Precisamente el día anterior escribí sobre la fértil y afortunada comunión entre el cine y la literatura; y hoy escribo sobre la relación, quizá no tan abundante, pero también fértil y afortunada, entre la música y la literatura. La música siempre tuvo relación con la literatura, siempre. La música culta, quiero decir, la música popular, al ser tradición oral, no tiene esa conexión. Pero la música culta, que en un principio se componía y cantaba para adorar a Dios, se ha nutrido de distintas formas literarias. Así, quizá la primera ligazón sean los cantos gregorianos, plegarias en latín que tuvieron un anómalo revivir a fines del siglo XX; después las cantigas, poesía cantada, de distintos tipos según su temática, nos acordamos aunque sea de estudiarlas en el colegio: "cantigas de amor", "de amigo", "de escarnio"... Pero es a partir del periodo barroco cuando se da la explosión tremenda, musicando los compositores obras de la antigüedad grecolatina. Así, Jacopo Peri tomó, adaptándolo como libreto, Las metamorfosis de Ovidio. También se adaptaron textos bíblicos, tanto veterotestamentarios como neotestamentarios, entre los primeros, Esther, de Händel, entre los segundos, La pasión según san Mateo, de Bach. Ya en Clasicismo... pues fíjate... Mozart utilizando libretos basados en Tirso de Molina (Don Giovanni, basada en El burlador se Sevilla y convidado de piedra), Cicerón (El sueño de Escipión, basada en Somnium Scipionis), Ovidio (de nuevo, Las metamorfosis, para el Apolo y Jacinto del genial salzburgués), y muchos más. Pero quizá más evidente sea en el Romanticismo musical, cuando los compositores rebuscan entre la literatura de todos los tiempos, usándola no sólo para óperas, sino para obras instrumentales. Y ahí tienes a Beethoven con su Egmont musicando a Goethe, o su Obertura Coriolano, sobre texto de Shakespeare; también a Wagner y su genial adaptación de la mitología nórdica; más cercanos en el tiempo está Grieg musicalizando a Ibsen, y Elgar a Rudyard Kipling.

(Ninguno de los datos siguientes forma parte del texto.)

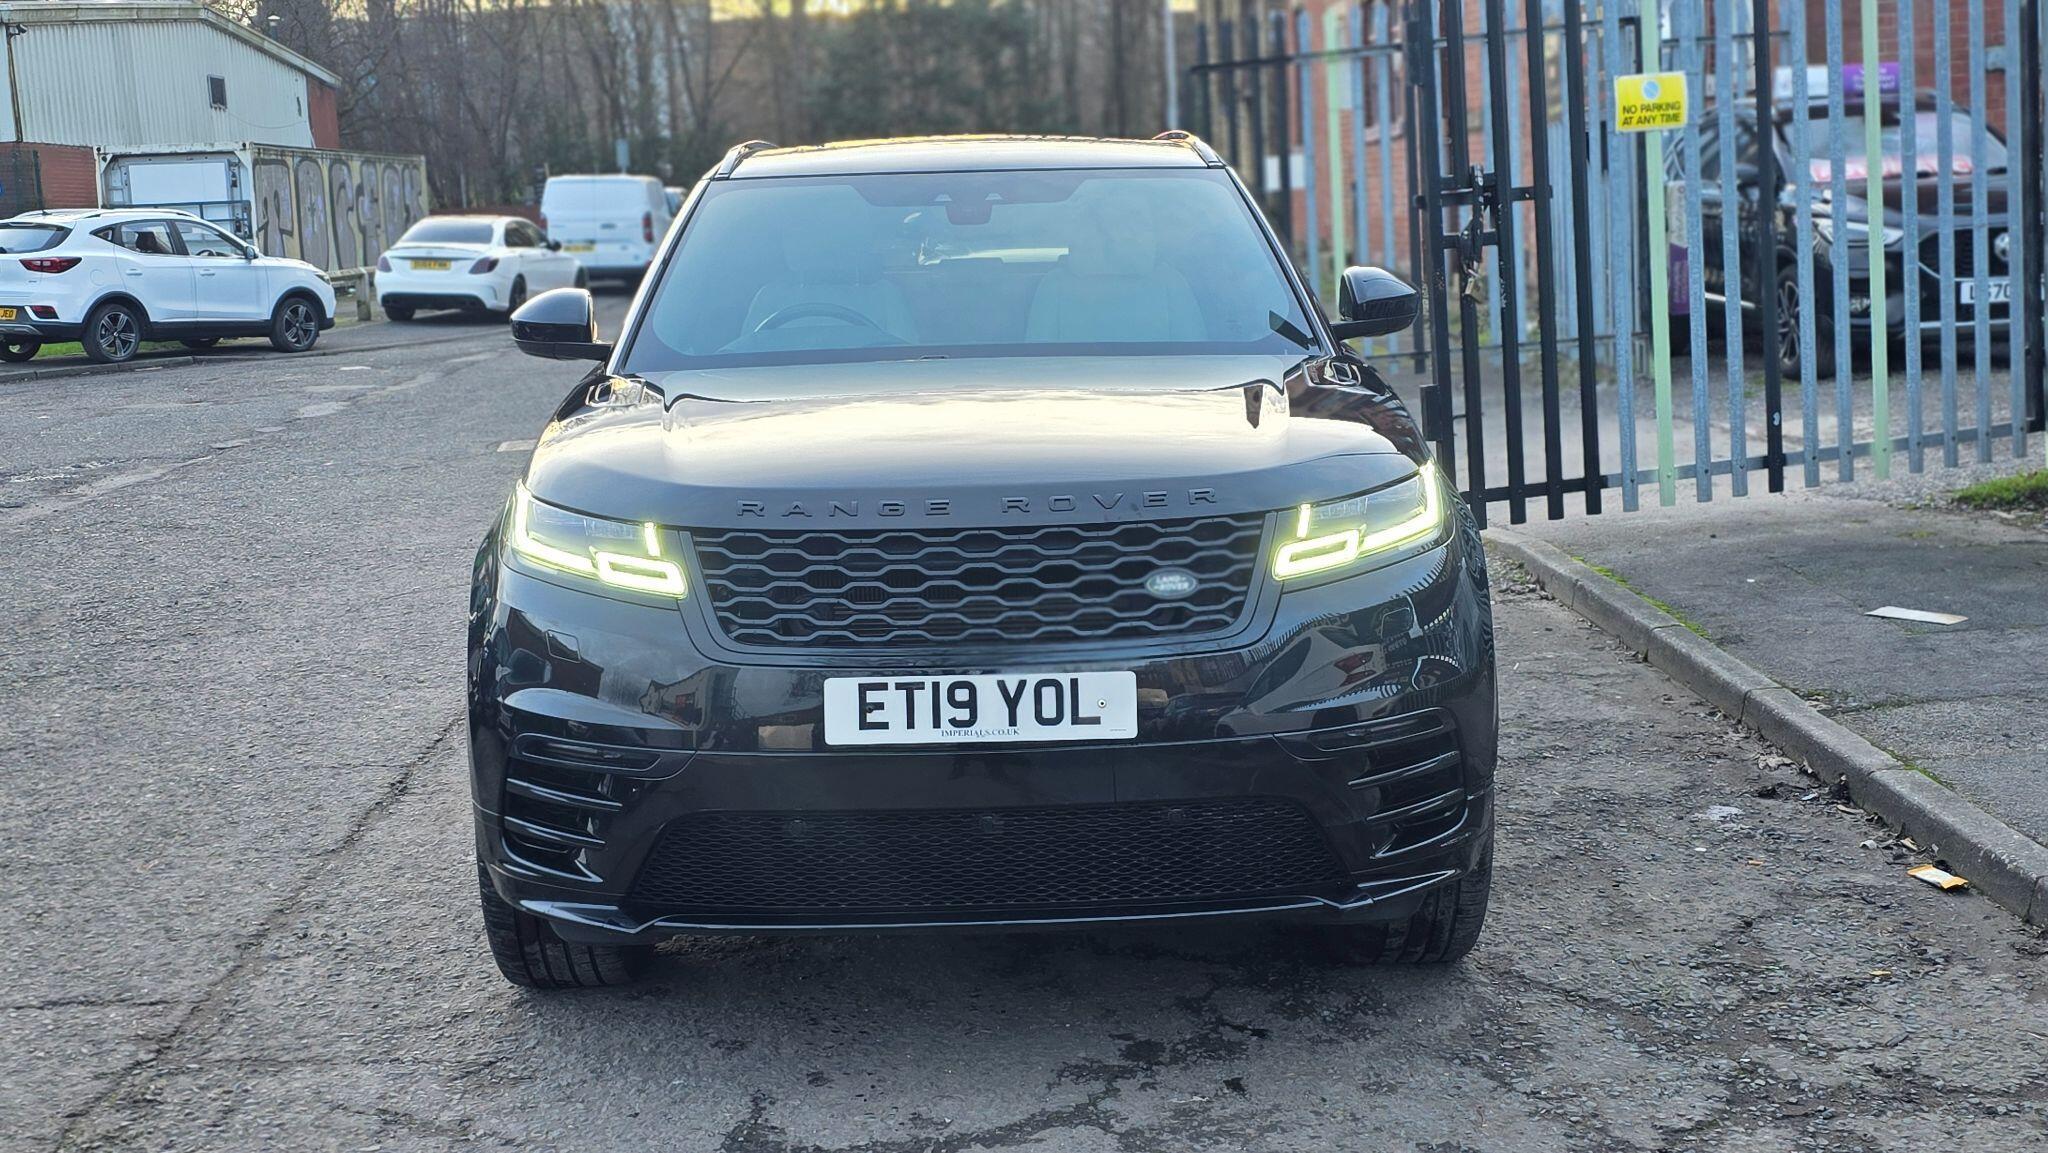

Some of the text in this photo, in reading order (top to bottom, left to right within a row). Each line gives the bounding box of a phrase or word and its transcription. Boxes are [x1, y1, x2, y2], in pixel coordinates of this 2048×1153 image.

[1622, 101, 1681, 115] NO PARKING
[1622, 112, 1681, 126] AT ANY TIME
[736, 487, 1217, 518] RANGE ROVER
[857, 677, 1102, 731] ET19 YOL
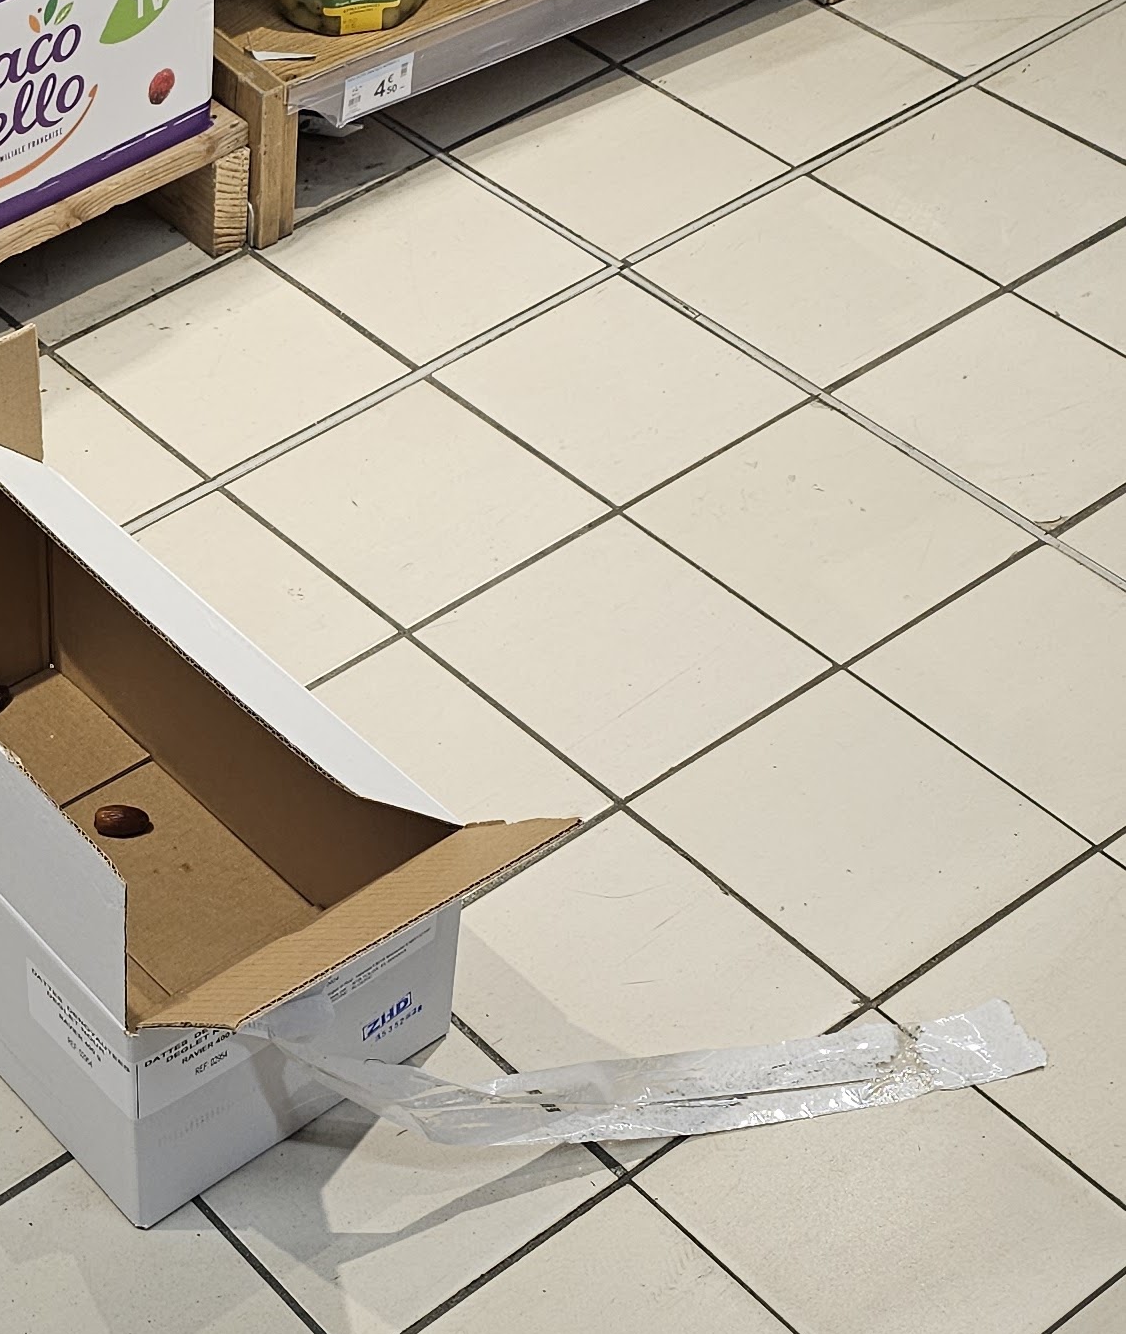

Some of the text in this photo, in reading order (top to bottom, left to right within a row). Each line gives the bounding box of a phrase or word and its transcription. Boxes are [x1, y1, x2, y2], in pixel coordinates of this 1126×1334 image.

[366, 993, 411, 1038] ZHD
[145, 1039, 188, 1067] DATTES
[166, 1033, 208, 1063] DEGLET
[181, 1032, 231, 1064] RAVIER 400

Y ya en el concierto de anoche, Maurice Ravel adaptó el drama pastoril Dafnis y Cloe del escritor griego del siglo II, Longo; así como Shéhérezade, tomándola de la narradora de Las mil y una noches. Estas dos obras, junto con Alborada del gracioso, también del compositor francés, y La vida breve, de Falla, fueron representadas por la Orquesta Sinfónica de Castilla y León, dirigida por Josep Pons, la soprano encargada de dar vida a Shéhérezade fue Patricia Petibon.

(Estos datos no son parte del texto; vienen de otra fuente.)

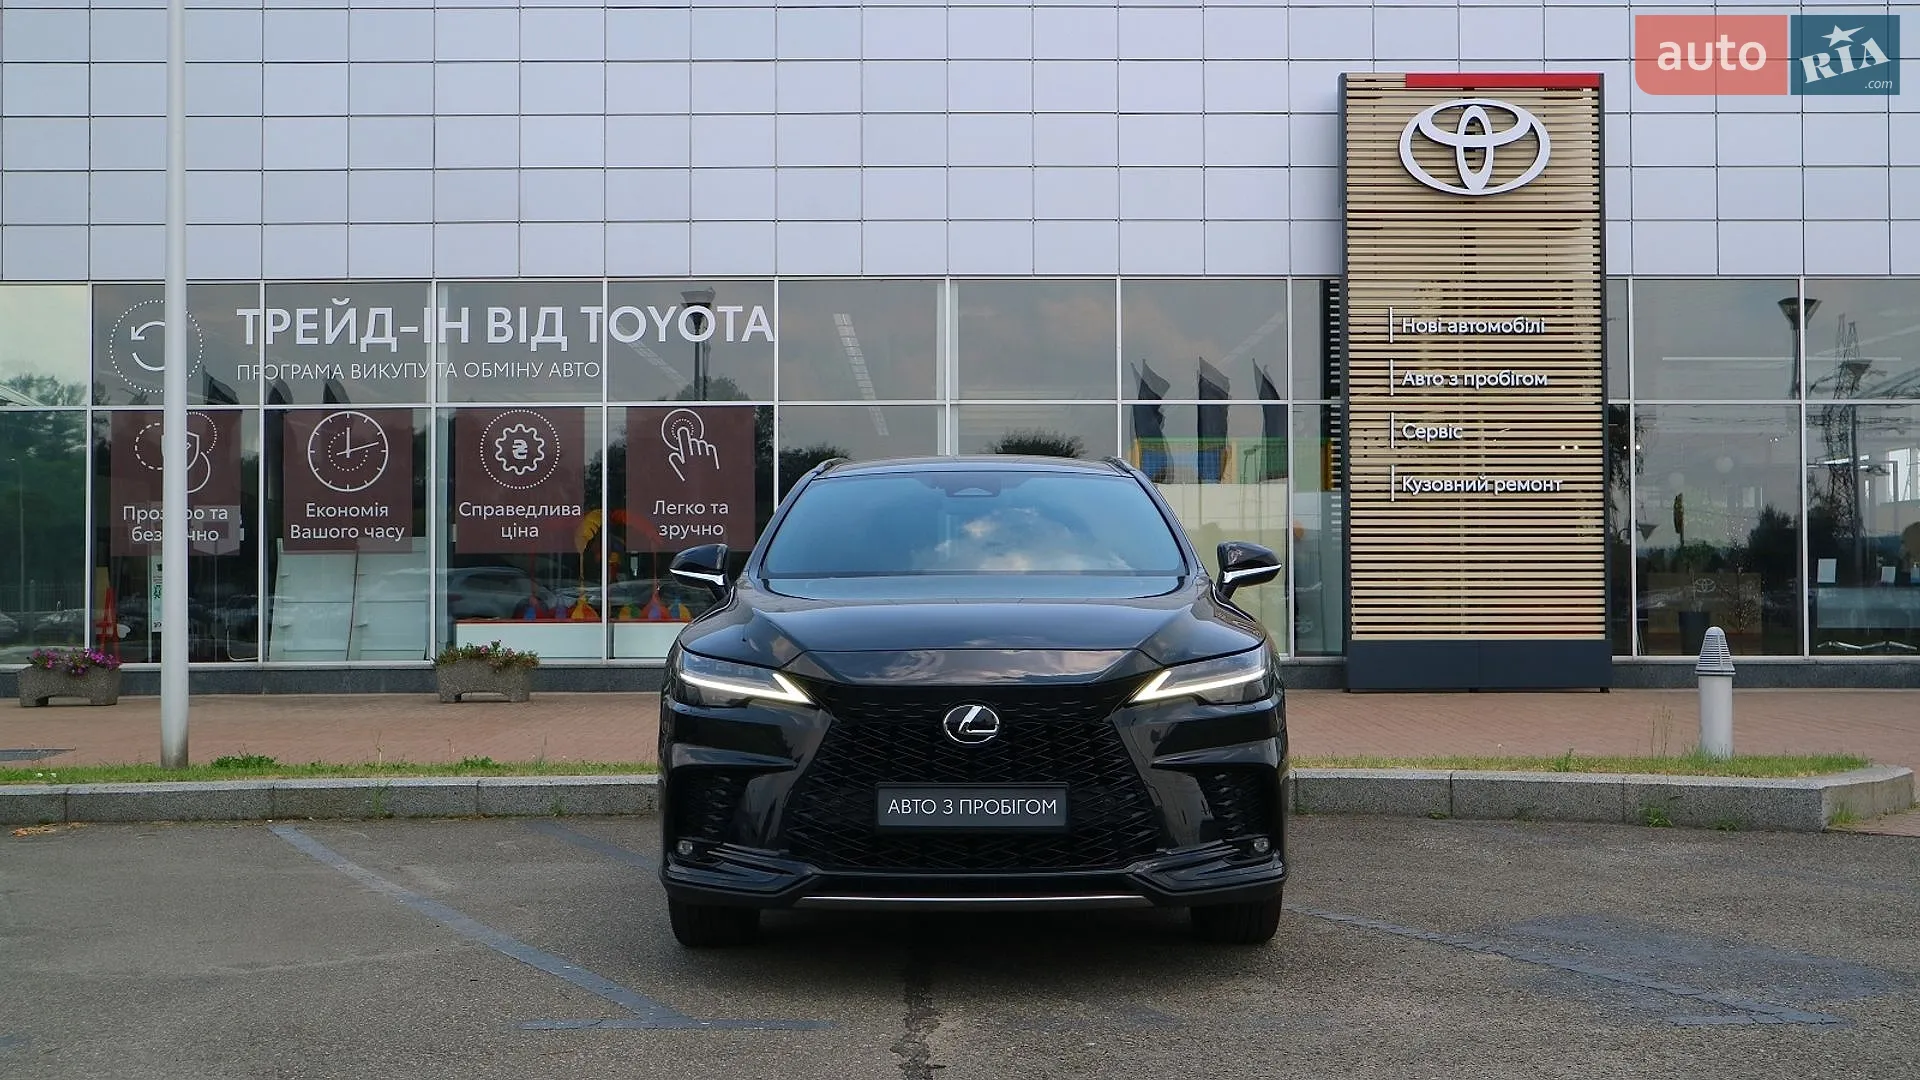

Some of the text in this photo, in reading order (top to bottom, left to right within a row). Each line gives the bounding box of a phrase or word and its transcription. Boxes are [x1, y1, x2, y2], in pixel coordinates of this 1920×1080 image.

[236, 297, 775, 353] ТРЕЙД-ІН ВІД TOYOTA
[1401, 316, 1545, 334] Нові автомобілі
[237, 361, 600, 381] ПРОГРАМА ВИКУПУ ТА ОБМІНУ АВТО
[1402, 370, 1548, 390] Авто з пробігом
[1402, 423, 1463, 443] Сервіс
[1402, 475, 1563, 496] Кузовний ремонт
[209, 508, 228, 520] та
[305, 502, 389, 518] Економія
[458, 501, 581, 520] Справедлива
[653, 500, 729, 515] Легко та
[290, 525, 406, 542] Вашого часу
[501, 522, 539, 540] ціна
[659, 525, 724, 540] зручно
[887, 799, 937, 815] АВТО
[959, 799, 1057, 815] ПРОБІГОМ

Y ahora quiero recordar una anécdota que espero que no sea vista como una malicia por mi parte. Cuando un servidor era estudiante, se recomendaba que, en aquellos exámenes que permitieran modificar el orden de las preguntas, se situaran de modo que las preguntas mejor respondidas estuvieran al principio y al final, dejando la pregunta peor contestada en el medio. Así, se hacía una especie de bocadillo, y el examinador se quedaba con el buen gusto de la última pregunta, puntuando con más generosidad al examinando. ¡En fin, triquiñuelas de estudiante! Bueno, pues con el programa del concierto tal cual está dispuesto, parece que hubieran hecho lo mismo: se comienza con una pieza conocida por todo el mundo aunque tal vez no todos sepan ponerle nombre, La vida breve, de Falla, cuyas melodías forman parte del bagaje cultural de todos los melómanos españoles, tanto como El amor brujo o El sombrero de tres picos. Luego llega la parte más floja del concierto, con Shéhérezade, de Ravel, una obra de la que el propio autor llegó a decir que estaba "mal hecha" y que "había en verdad tantas escalas de tonos enteros que quedé asqueado de ellas para toda la vida". Y es que, en verdad, Shéhérezade de Ravel ha envejecido muy mal, ha perdido valor, quizá porque el propio tema del orientalismo ya no interesa, o porque carece de la fuerza arrolladora que tienen otras obras de Ravel como, claro está, el famosísimo Bolero. Y, ya en la segunda parte, el concierto continúa con Ravel, con obras más conocidas y populares, como son Alborada del gracioso y Daphnis y Chloé. Lo dicho, un bocadillo con lo mejor en los extremos y lo más flojo en el centro.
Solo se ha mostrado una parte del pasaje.